Qu’est-ce que le job hugging ?
« Littéralement ‘’serrer son job contre soi’’, le job hugging désigne la tendance des salariés à rester, coûte que coûte, dans leur poste actuel, même quand ils n’y trouvent pas pleinement leur compte. Il ne s’agit pas d’un choix de passion ni d’une fidélité aveugle à l’entreprise, mais d’une réaction défensive face à un marché du travail instable et incertain. »
« Comme souvent, cette tendance a germé outre-Atlantique. C’est le cabinet de conseil en organisation et en gestion des talents, Korn Ferry, qui est à l’origine de ce concept. Il est le symptôme d’un marché américain particulièrement hésitant : malgré un chômage relativement bas, la croissance de l’emploi ralentit nettement. En juillet 2025, seuls 73 000 nouveaux postes ont été créés (selon le Bureau of Labor Statistics) et le taux de démission plafonne à 2 %, son plus bas niveau depuis 2016 (hors pandémie). Les incertitudes liées aux tarifs douaniers, les révisions négatives des créations d’emplois, l’automatisation croissante des tâches liée à l’IA et les annonces de CEO plus enclins à réduire leurs effectifs qu’à les élargir alimentent la peur. Beaucoup de salariés préfèrent donc attendre des ‘’eaux plus favorables’’ avant de tenter un saut de carrière. »
« En France, le climat international incertain, auquel s’ajoute l’instabilité du gouvernement qui pourrait bientôt tomber, a des répercussions sur le comportement des entreprises et des salariés français : il est urgent d’attendre. Les entreprises ont prévu de moins embaucher et les actifs reportent leurs projets de mobilité. »

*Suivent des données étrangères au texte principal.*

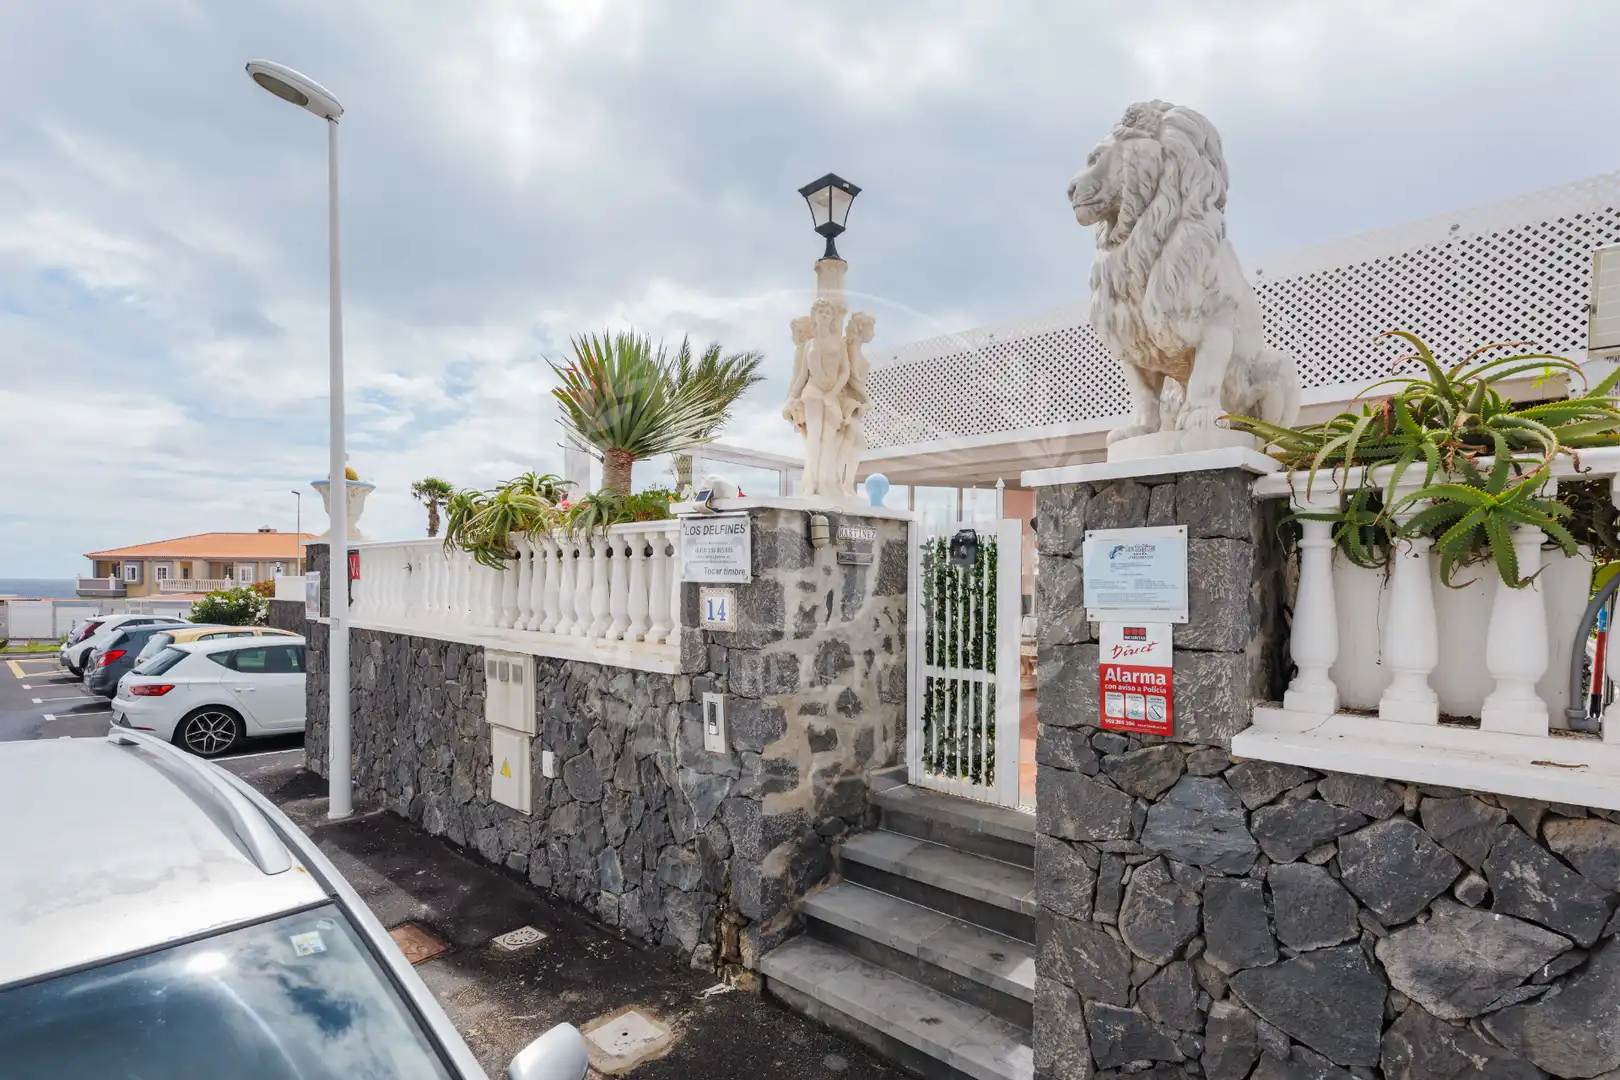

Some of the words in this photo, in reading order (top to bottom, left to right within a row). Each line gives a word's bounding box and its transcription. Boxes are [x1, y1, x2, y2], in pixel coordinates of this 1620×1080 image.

[684, 525, 701, 536] LOS
[702, 523, 746, 536] DELFINES
[703, 566, 723, 576] Tocar
[723, 566, 746, 576] timbre
[706, 598, 727, 622] 14
[1111, 641, 1161, 659] Direct
[1105, 667, 1167, 686] Alarma
[1117, 683, 1136, 692] aviso

Quelle différence avec le job cuffing ?
« À première vue, la confusion est facile. Dans le job cuffing, les salariés refusent de quitter un emploi qu’ils n’aiment pas, uniquement par sécurité, un peu comme on resterait en couple par peur de la solitude. Le job hugging, lui, s’ancre davantage dans le contexte économique : les collaborateurs ne s’accrochent pas par confort, mais parce qu’ils estiment que changer d’emploi aujourd’hui est trop risqué. En ce moment, ils ont besoin de repères, d’être rassurés et donc sont prêts à mettre en pause leurs envies de vivre de nouvelles aventures, d’avoir un meilleur salaire ou d’acquérir de nouvelles compétences. Même si leur job n’est pas parfait, qu’ils ont le sentiment d’en avoir fait le tour, ils s’y accrochent comme à un doudou. »

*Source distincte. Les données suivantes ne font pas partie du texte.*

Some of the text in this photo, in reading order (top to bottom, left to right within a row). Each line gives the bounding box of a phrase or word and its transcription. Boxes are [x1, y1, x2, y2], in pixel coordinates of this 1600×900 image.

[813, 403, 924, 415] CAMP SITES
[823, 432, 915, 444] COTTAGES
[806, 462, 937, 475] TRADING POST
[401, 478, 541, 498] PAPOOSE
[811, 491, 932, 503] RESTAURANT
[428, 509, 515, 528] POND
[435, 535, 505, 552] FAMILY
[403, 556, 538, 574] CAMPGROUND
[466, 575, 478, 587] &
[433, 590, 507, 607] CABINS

« Ce phénomène touche indifféremment tout type de salarié, dans tous les secteurs d’activité, à part si on est un cador en IA. Le job hugging gagne également la Gen Z, pourtant souvent décrite comme en quête de changement permanent et d’évolutions rapides. »
Pourquoi ce phénomène émerge-t-il ?
« Le job hugging s’explique par un ensemble de facteurs :
- l’instabilité économique mondiale : de nombreuses entreprises gèlent leurs recrutements ou réduisent leurs effectifs.
- la raréfaction des opportunités d’emploi : les créations de postes ralentissent dans plusieurs secteurs.
- un climat social incertain : la sécurité d’un poste connu l’emporte souvent sur le pari d’une nouvelle opportunité.
- l’impact de l’automatisation et de l’IA : certains métiers se transforment rapidement, d’autres deviennent plus précaires. »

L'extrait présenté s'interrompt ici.